[[ Source data, beginning ]]
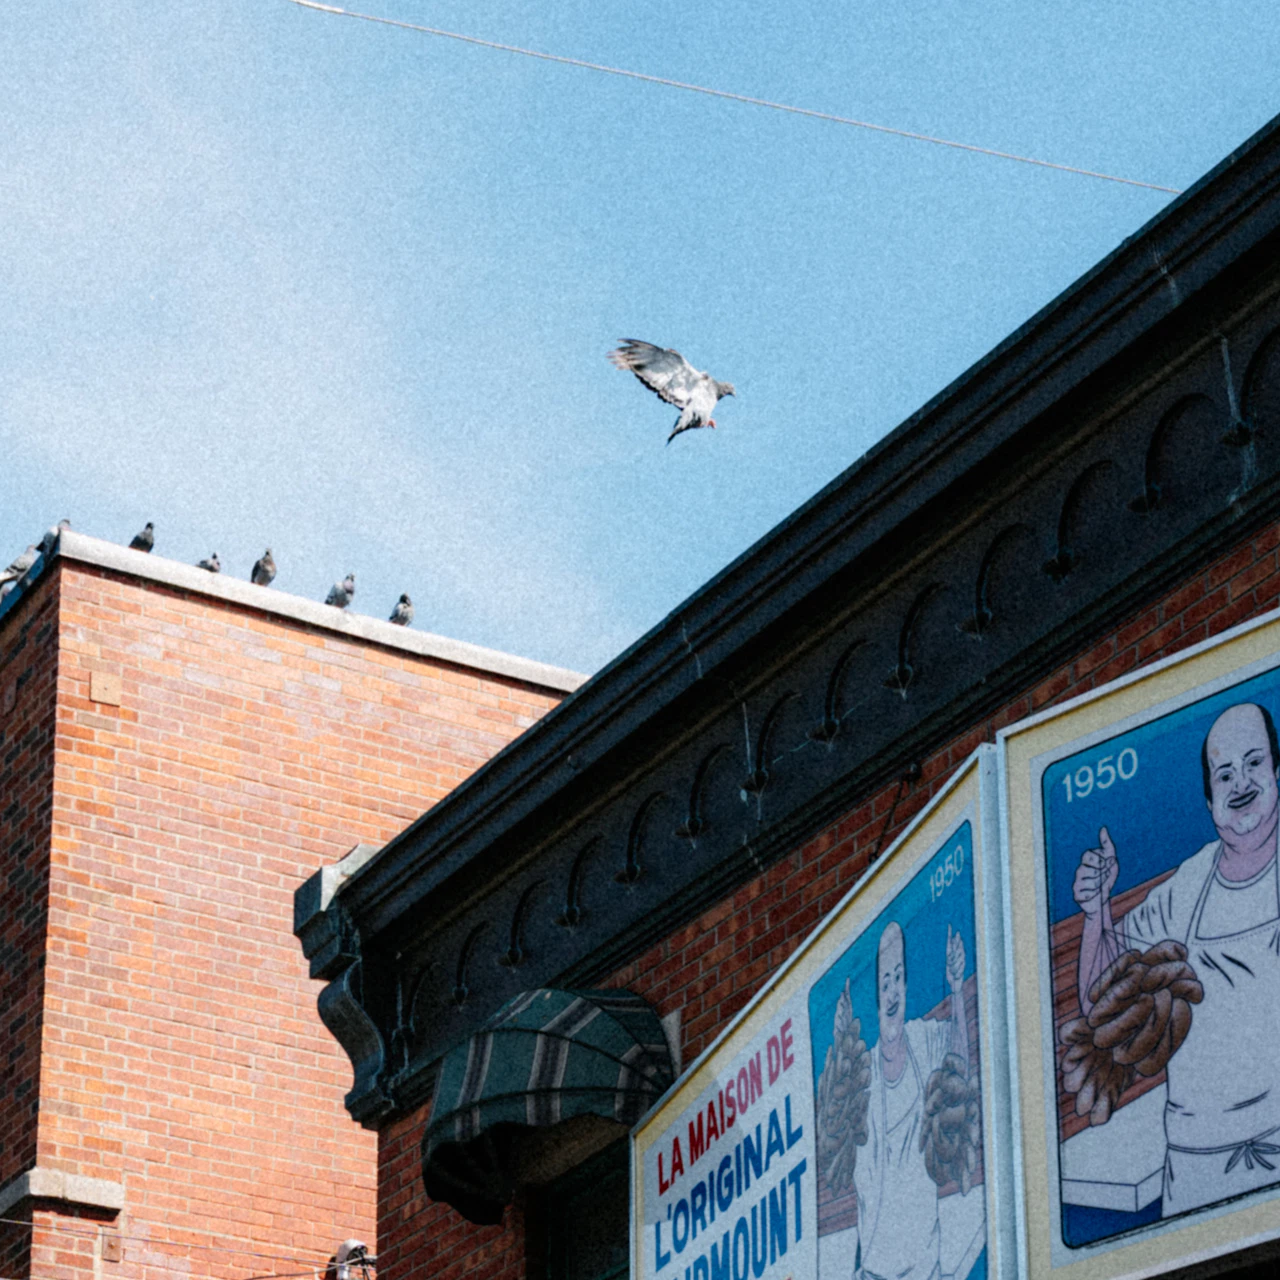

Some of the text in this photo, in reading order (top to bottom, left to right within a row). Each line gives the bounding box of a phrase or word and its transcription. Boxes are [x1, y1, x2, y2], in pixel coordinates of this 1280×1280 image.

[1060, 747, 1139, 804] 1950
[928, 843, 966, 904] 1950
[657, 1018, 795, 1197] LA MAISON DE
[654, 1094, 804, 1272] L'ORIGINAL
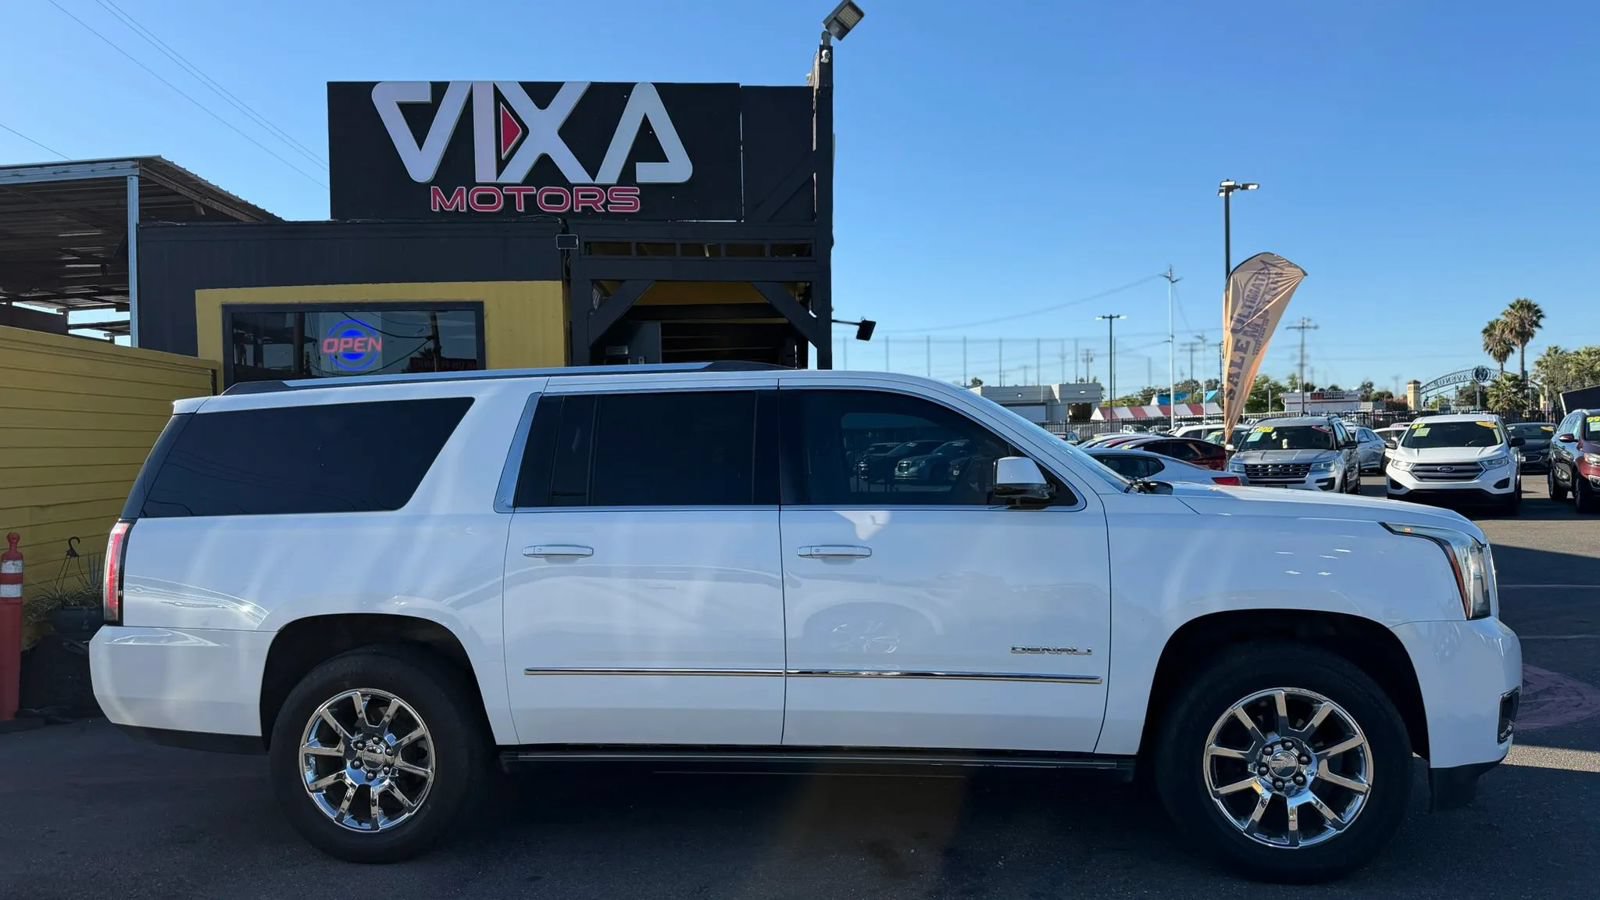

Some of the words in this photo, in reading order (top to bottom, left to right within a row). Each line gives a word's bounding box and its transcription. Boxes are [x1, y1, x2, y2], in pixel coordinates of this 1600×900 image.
[[ Source data, end ]]
### What you are asked to do:
Without the pictures, return all the entries above exactly as they stand.

### Result below:
Some of the text in this photo, in reading order (top to bottom, left to right within a row). Each line gives the bounding box of a phrase or word and its transcription. Boxes are [x1, y1, x2, y2], in pixel coordinates of this 1280×1280 image.

[1060, 747, 1139, 804] 1950
[928, 843, 966, 904] 1950
[657, 1018, 795, 1197] LA MAISON DE
[654, 1094, 804, 1272] L'ORIGINAL

Some of the words in this photo, in reading order (top to bottom, left to right within a row). Each line gives a word's bounding box and its transcription. Boxes are [x1, y1, x2, y2], in pixel coordinates of this 1600×900 image.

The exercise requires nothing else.